Both strive to draw the audience’s attention to keywords in that dialogue. This post explores different ways to do this.
The Stage Director’s Tools
A script is primarily dialogue, except for the occasional stage directions. The director makes sense of that script for the audience. She or he will identify its themes and messages, moments geared towards characterisation, points which move the plot forward. Without the director each actor would simply speak their dialogue, emphasizing the keywords they believed to be relevant. The result would be a jumbled, chaotic mess for the audience to understand.
The director has a number of tools at their disposal to draw the audience’s attention to the chosen keywords. The same is true for the author. Below I’ve defined the tools in theatrical terms, the titles link to YouTube clips that illustrate what I’m saying here. As we go through each one, think about how you might use this tool when writing your dialogue.
The location on the stage of the characters is no accident, it informs the audience and is called proxemics. The distance between characters tells you things about their relationship. Different levels establish status, for instance, a character standing on a staircase places them higher up, granting higher status. Proxemics is a subtle medium of communication, audiences often won’t notice it. Visually you can establish themes and motifs by characters’ positions, using geometric shapes, patterns and levels.
Directors work with actors to develop subtle signs to draw attention to a keyword. Gestures might be large – the sweep of an arm to encompass everyone or everything might be used by a powerful character. The scratch of a nose is a small, potentially insignificant, gesture but, when repeated, gets noticed. Gestures are also handy methods to identify characterisation, nervous ticks tell us a lot when we see them in the right context.

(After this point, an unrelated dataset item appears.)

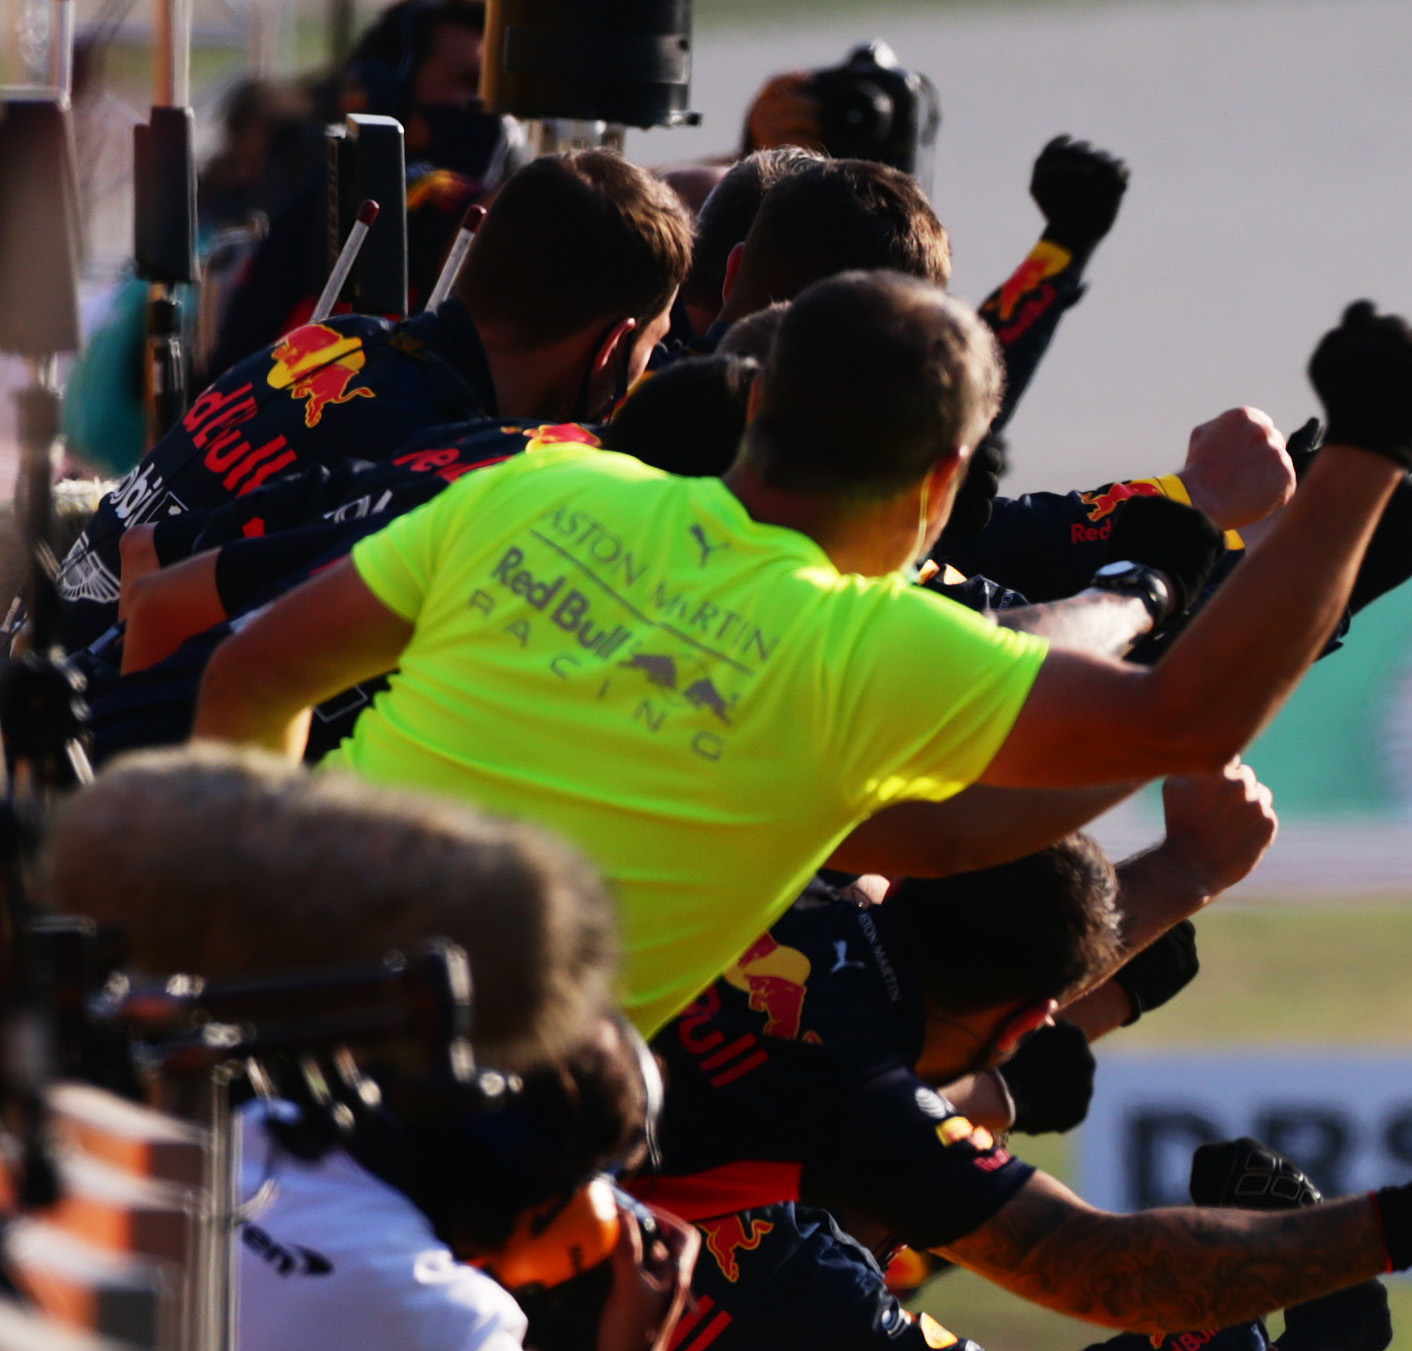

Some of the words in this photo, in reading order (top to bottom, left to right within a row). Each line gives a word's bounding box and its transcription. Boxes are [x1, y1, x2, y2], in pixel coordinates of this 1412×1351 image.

The way a character moves is a process the actor will initiate but it will involve the director at some point. The way a character swaggers across the stage establishes their arrogance but the point when they halt can coincide with the keyword. Moving and stopping are excellent forms of communication. Likewise, exits and entrances. You see this on TV all the time. Look out for a conversation where one character goes to leave, stands at the door, delivers a line, walks out. Usually the camera switches to the remaining character to register their reaction. It’s better than the exit line being delivered, the character walking to the door and leaving and then capturing the reaction. Drama is lost.

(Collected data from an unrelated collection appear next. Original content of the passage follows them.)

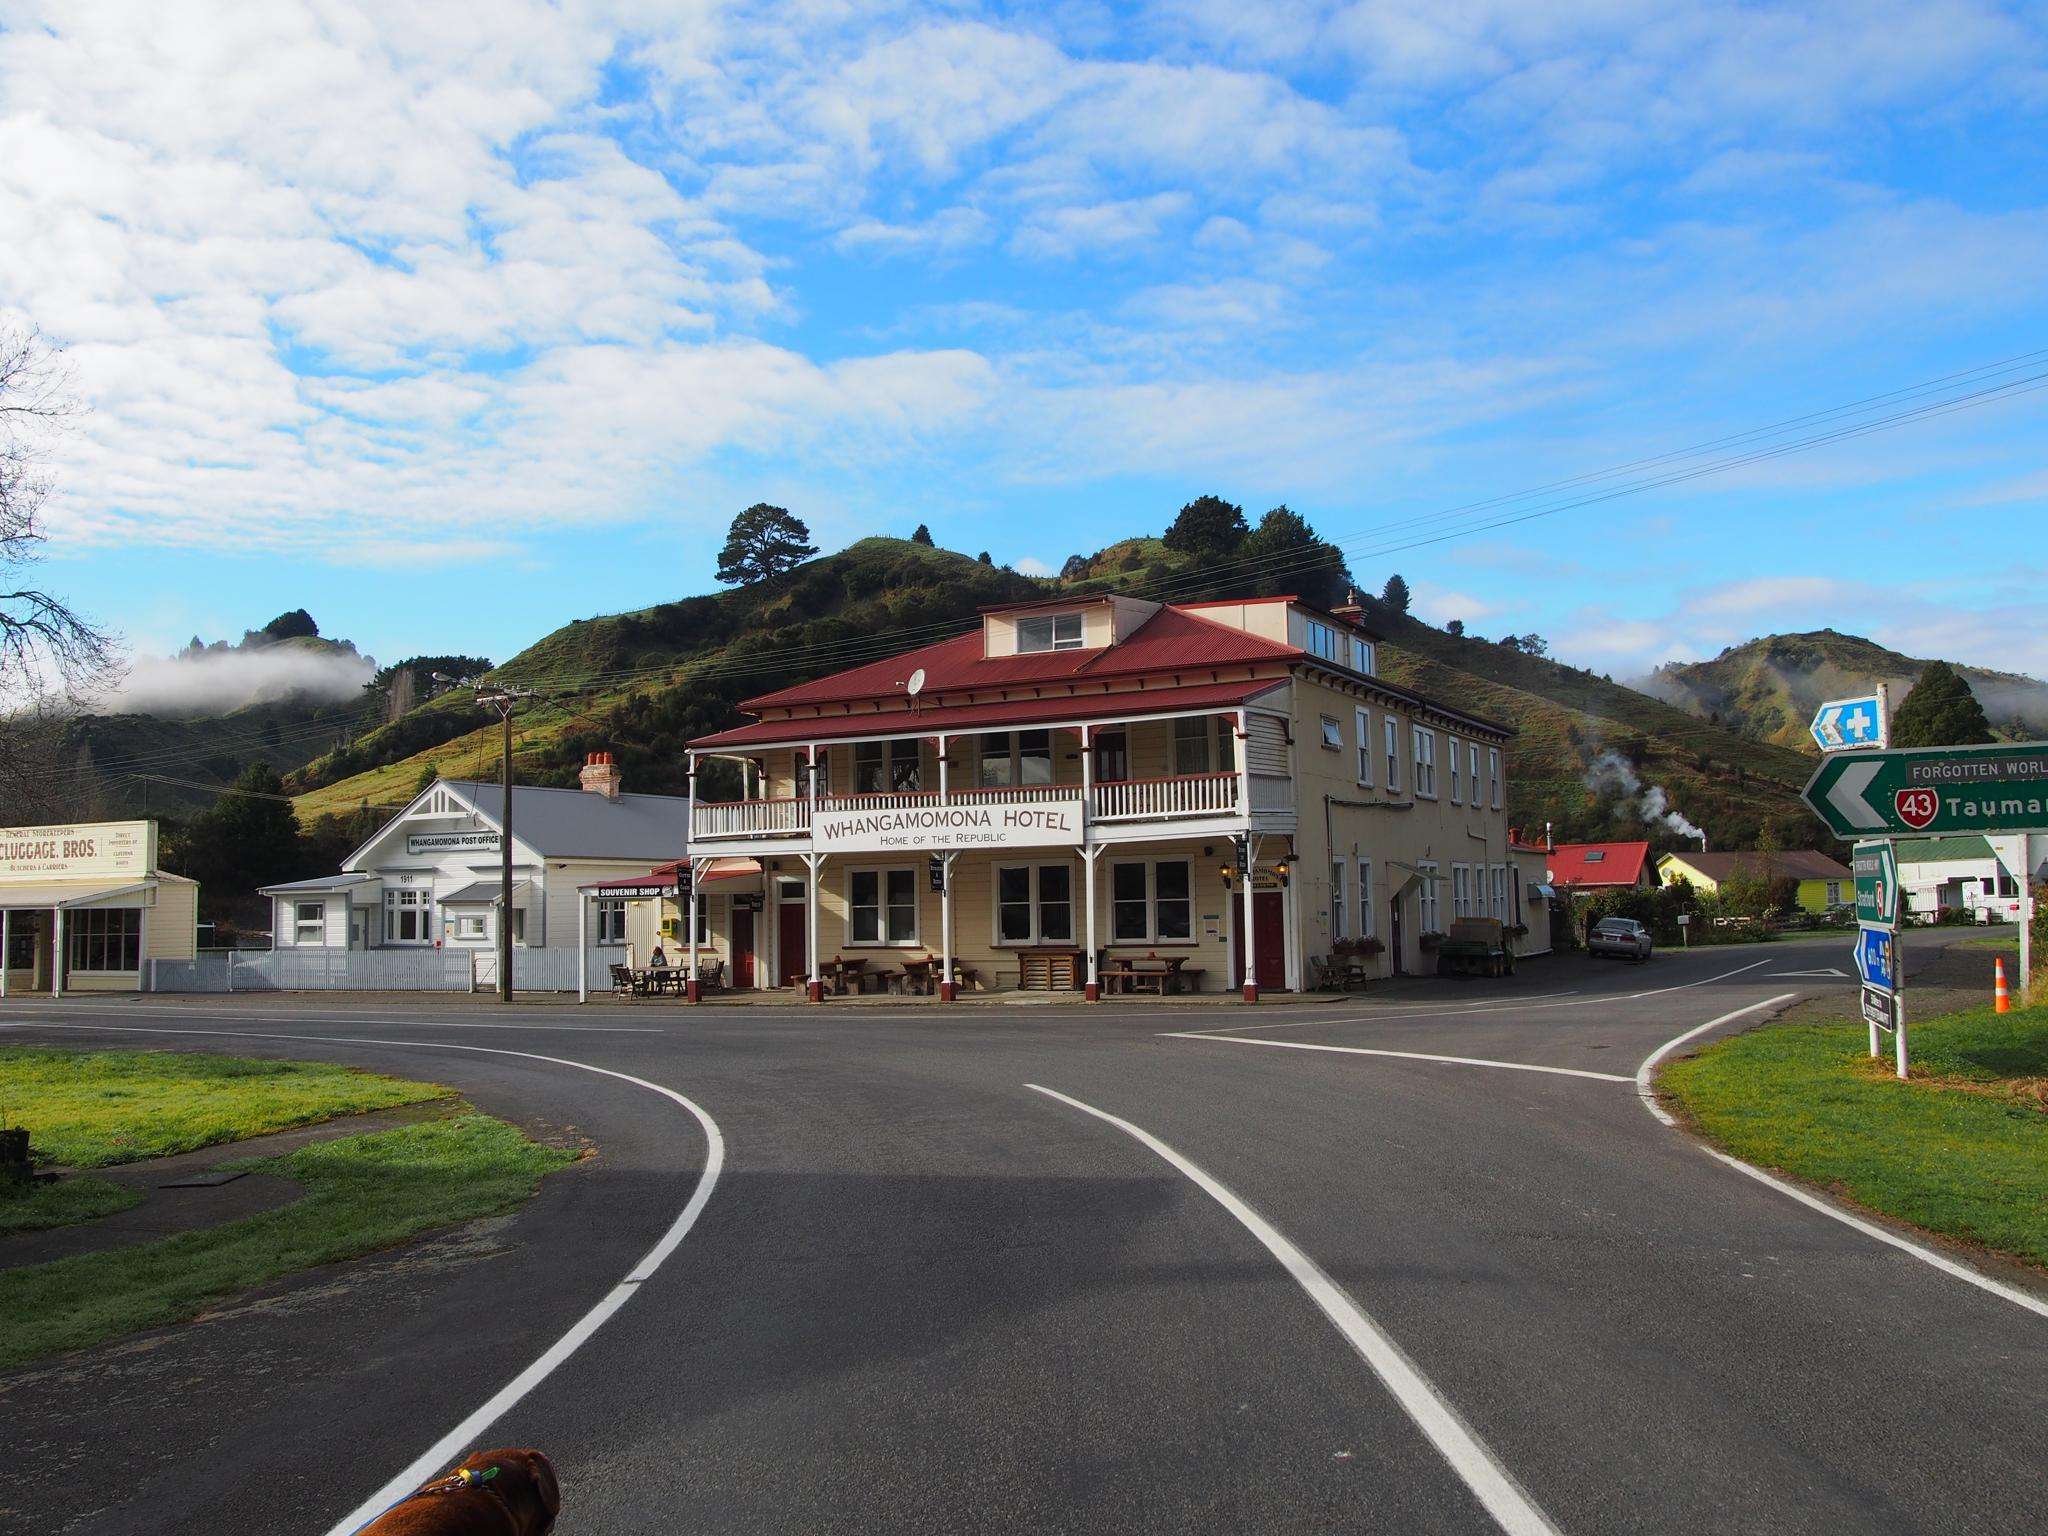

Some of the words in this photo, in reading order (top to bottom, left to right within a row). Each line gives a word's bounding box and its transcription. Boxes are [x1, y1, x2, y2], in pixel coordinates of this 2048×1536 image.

[1912, 763, 1999, 779] FORGOTTEN
[1901, 794, 1932, 816] 43
[1945, 797, 2048, 817] Tauma
[823, 810, 992, 840] WHANGAMOMONA
[1004, 810, 1072, 832] HOTEL
[410, 837, 460, 847] WHANGAMOMONA
[461, 836, 477, 845] POST
[478, 835, 499, 844] OFFICE
[880, 835, 909, 846] HOME
[913, 834, 926, 844] OF
[932, 834, 951, 844] THE
[956, 832, 1007, 843] REPUBLIC
[63, 839, 98, 858] BROS.
[400, 875, 413, 883] 1911
[600, 888, 638, 897] SOUVENIR
[639, 887, 660, 896] SHOP

This is the easiest tool to draw attention to a keyword. TV uses it second by second. In the detective thriller, the line “I accuse YOU!” leads to a close up on the face of the person being accused. We get to see the shock, the smug expression fading, the malice in the eyes. Don’t overlook the set of the mouth, the compression of the lips and what the teeth are doing. The same is true for the jawline. A disdainful snort causes the nose to flare the nostrils, the raising of the nose suggests superiority or revulsion. A casual sniff can tell us more about disdain, scorn, pride and isn’t just used for registering smells.
Good actors will experiment with how their voice delivers keywords. They will include the director in their decision-making process because it provides vital objectivity. The throaty gasp to show shock. The raise in tone to convey surprise. Increased volume tells us the word has provoked anger. A pause before the word itself draws attention. (And afterwards). The voice, as every actor will tell you, is a highly complex tool. You can make it do so many things.

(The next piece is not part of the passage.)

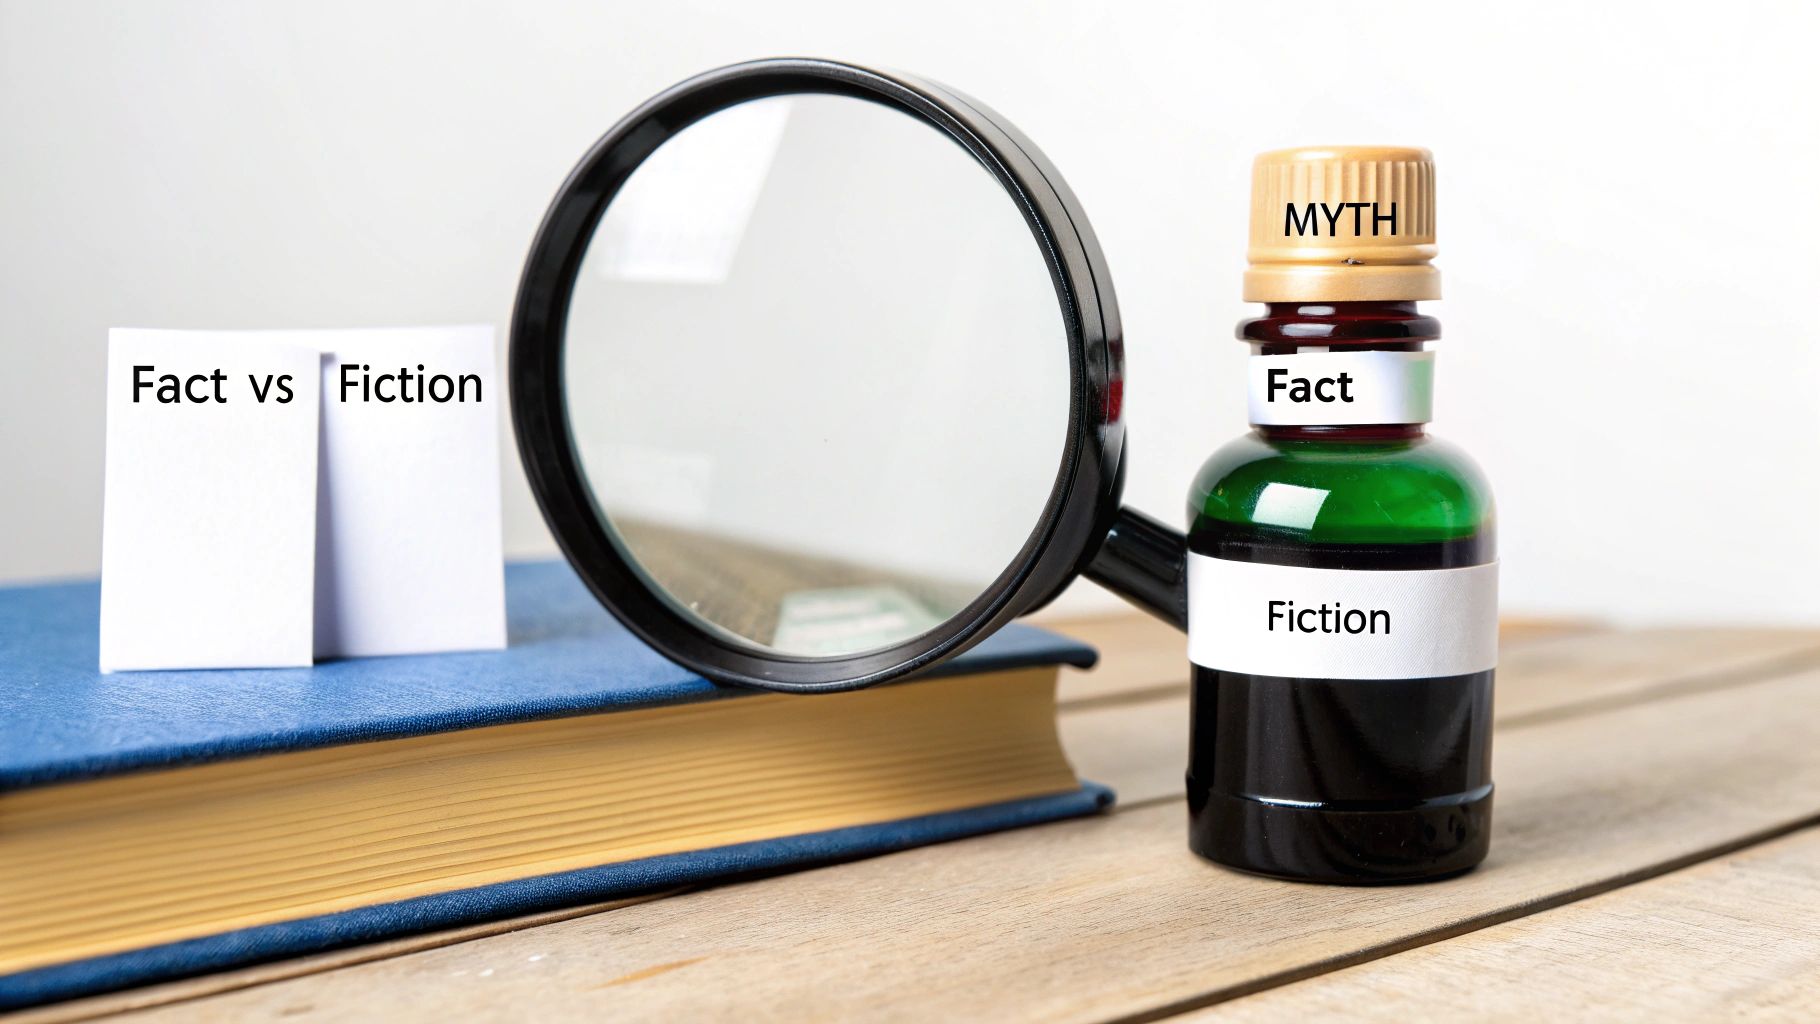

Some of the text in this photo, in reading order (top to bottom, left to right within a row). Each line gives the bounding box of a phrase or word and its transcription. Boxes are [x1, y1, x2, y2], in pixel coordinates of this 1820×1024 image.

[1284, 202, 1397, 237] MYTH
[133, 363, 482, 404] Fact vs Fiction
[1267, 368, 1354, 403] Fact
[1268, 600, 1391, 635] Fiction

Applying the tools to dialogue
The temptation, and the sign of an inexperienced writer, is to pepper dialogue with verbs linked to speech. As editors will tell you, this wastes the opportunity to describe the scene to your audience, the reader, in greater detail. Think of the dialogue as happening on stage and that you’re the director.
Step 1: What are your keywords?
These are the words, occasionally a phrase or two, which communicate significant details to the reader. These words really matter. Dialogue tends to meander aimlessly without them. What point is a character trying to make (to another person, to the reader)? How do others respond? Are there keywords here too? It helps, in your first draft, to highlight these words so you don’t lose track of them. Here’s an example to illustrate.
‘You knew all along, didn’t you? There never was any plot. The panic. The stampede. You engineered it,’ said the king.
‘Would you have agreed otherwise?’ asked the prince.
‘No. I wouldn’t.’
Question: what is the keyword in this dialogue?
Answer: the conversation is about a subterfuge, the prince has misled the king. The prince manipulated people, including the king, for his own ends. Look at the king’s opening statement and its structure, it builds to the keyword – engineered. There’s a case for arguing for a less significant keyword from the prince, ‘otherwise’. It suggests the possibility of a choice, one the king was denied. It’s reinforced by the king refusing that choice. But the dialogue depends on the idea of an event which has been manipulated - or engineered.
Step 2: Staging the dialogue
This isn’t just about deciding the location. In this context it doesn’t matter. (The throne room, a battlefield, castle battlements etc.) What does matter is the proxemics of these two characters.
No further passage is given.